#### [Brief]
Leave out the images and transcribe the entries below word for word.

━━ Task material

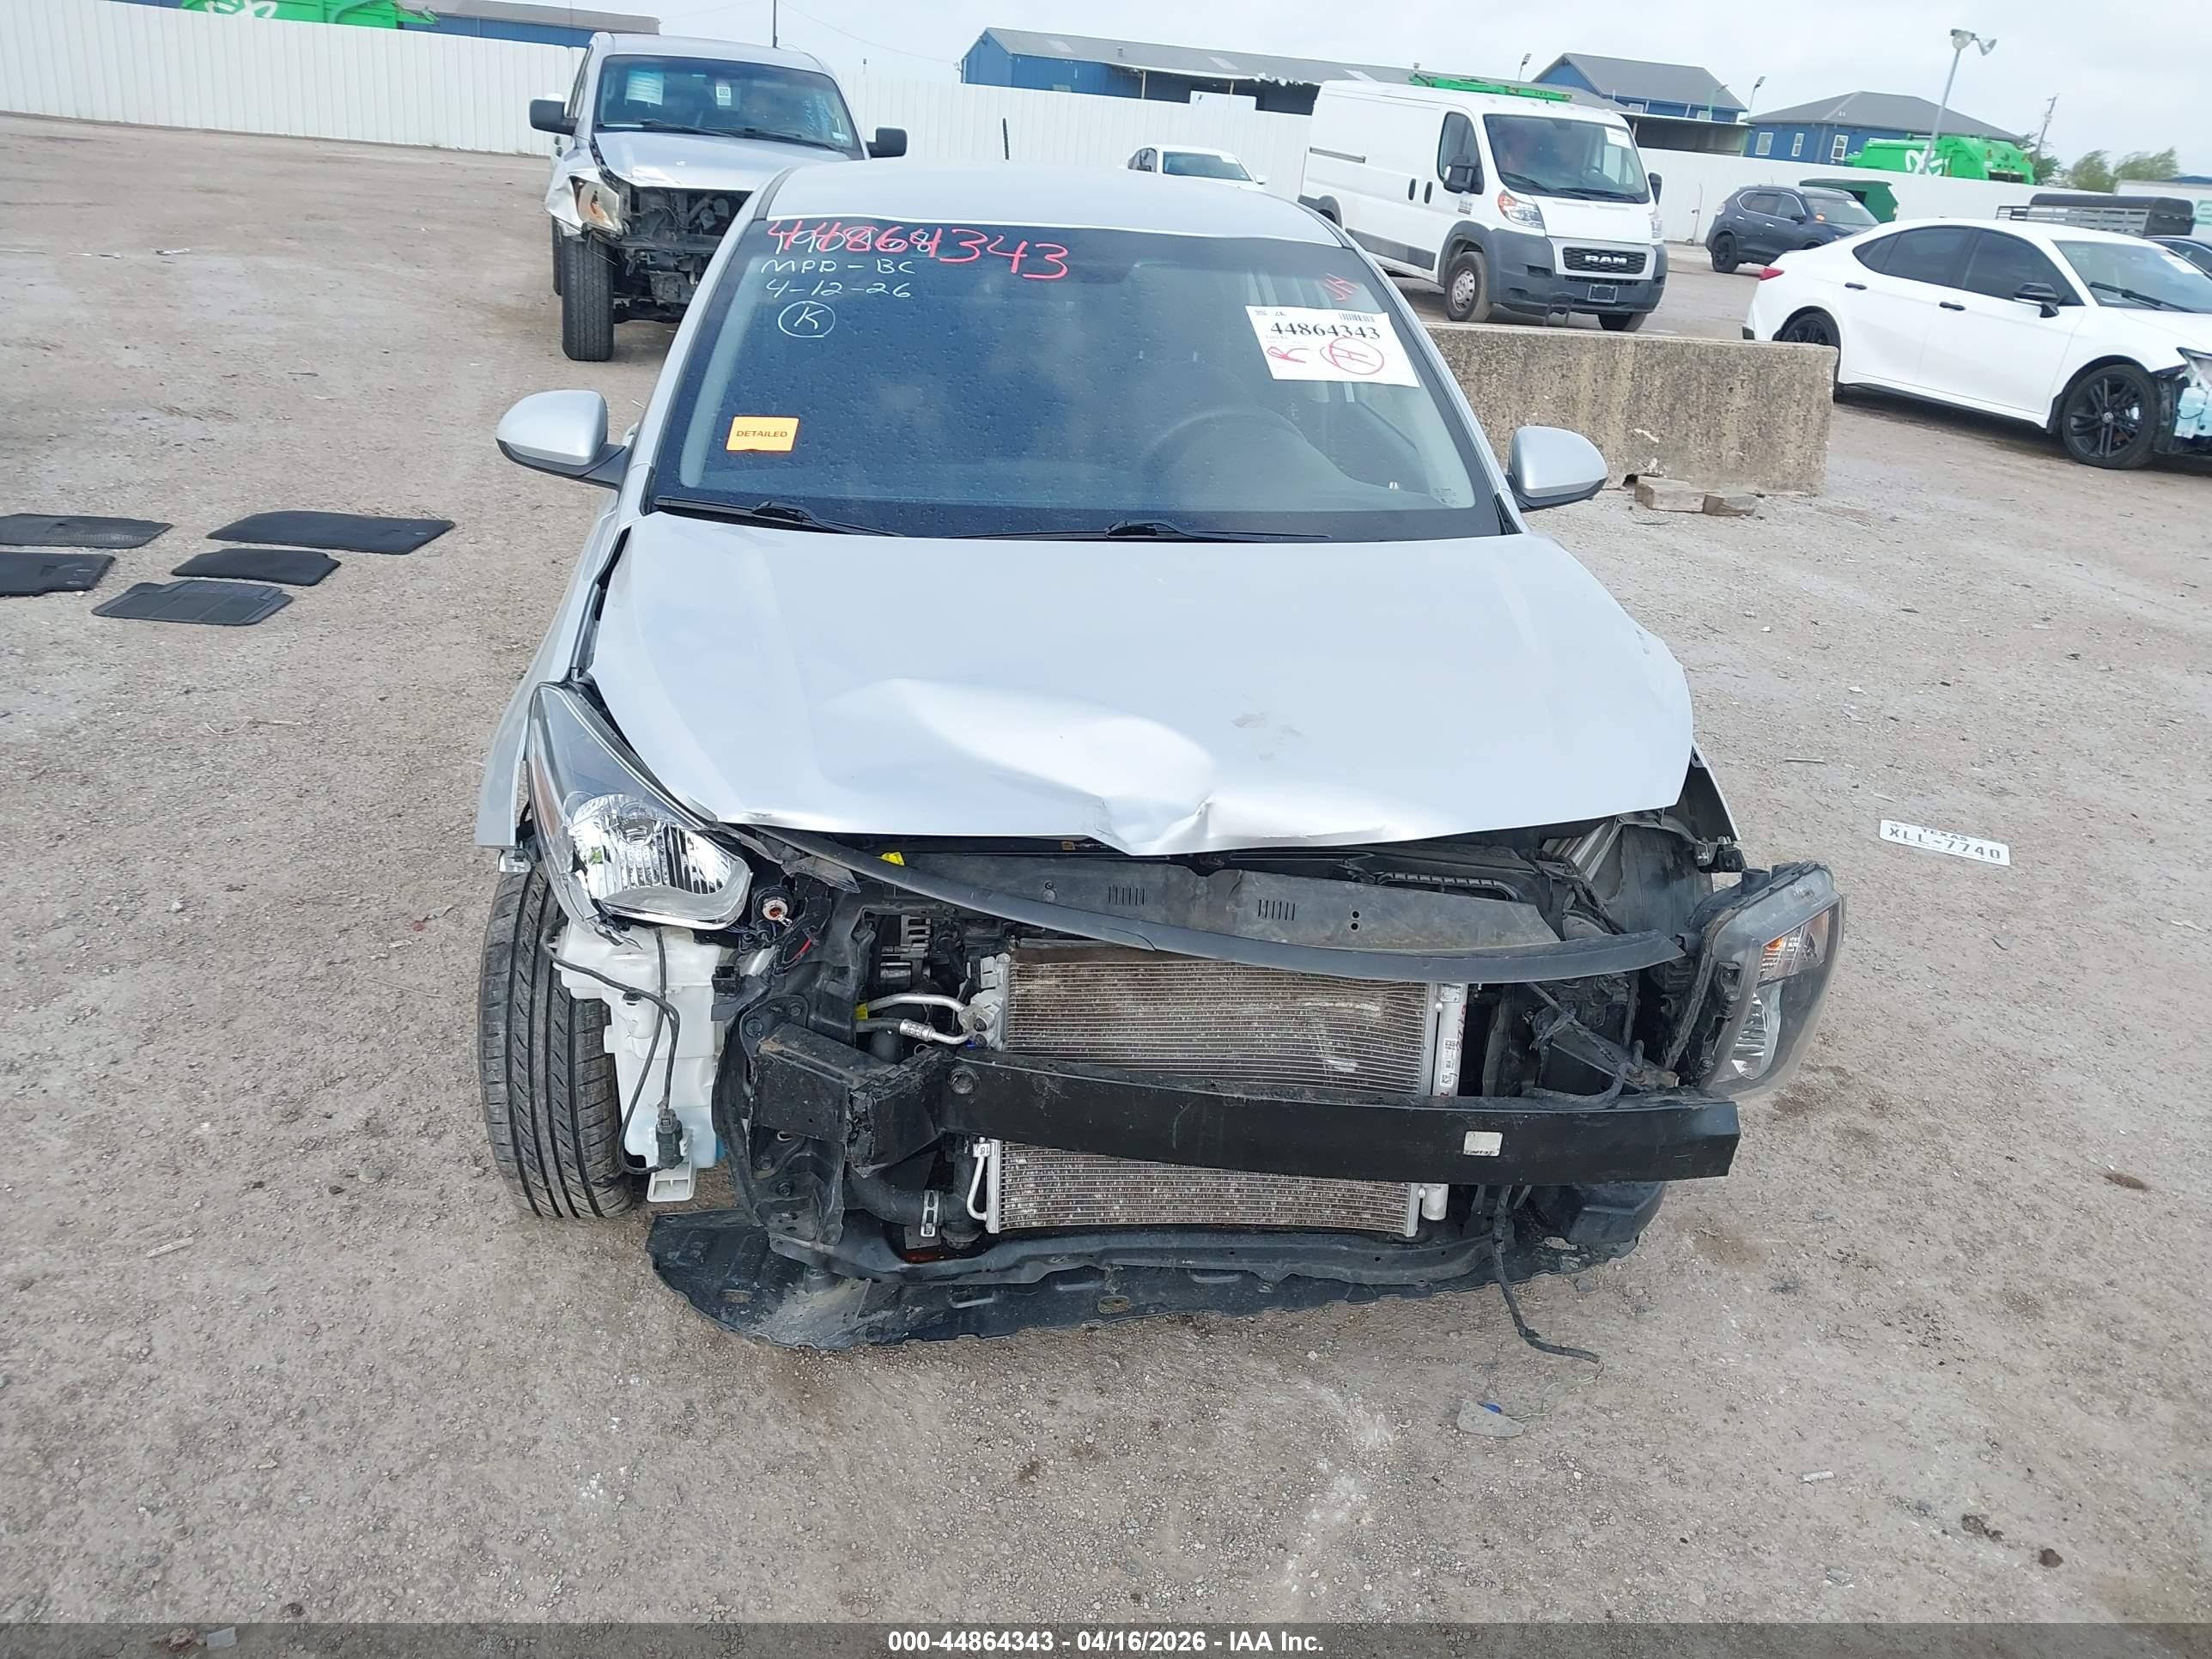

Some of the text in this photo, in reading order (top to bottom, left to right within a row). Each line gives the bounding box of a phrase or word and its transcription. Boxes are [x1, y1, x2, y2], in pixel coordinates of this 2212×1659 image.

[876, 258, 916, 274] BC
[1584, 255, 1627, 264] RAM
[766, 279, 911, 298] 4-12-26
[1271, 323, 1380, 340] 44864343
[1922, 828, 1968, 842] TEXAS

━━━━

#### [Your response]
Some of the text in this photo, in reading order (top to bottom, left to right within a row). Each line gives the bounding box of a phrase or word and its transcription. Boxes are [x1, y1, x2, y2], in pixel coordinates of this 2212×1659 image.

[876, 258, 916, 274] BC
[1584, 255, 1627, 264] RAM
[766, 279, 911, 298] 4-12-26
[1271, 323, 1380, 340] 44864343
[1922, 828, 1968, 842] TEXAS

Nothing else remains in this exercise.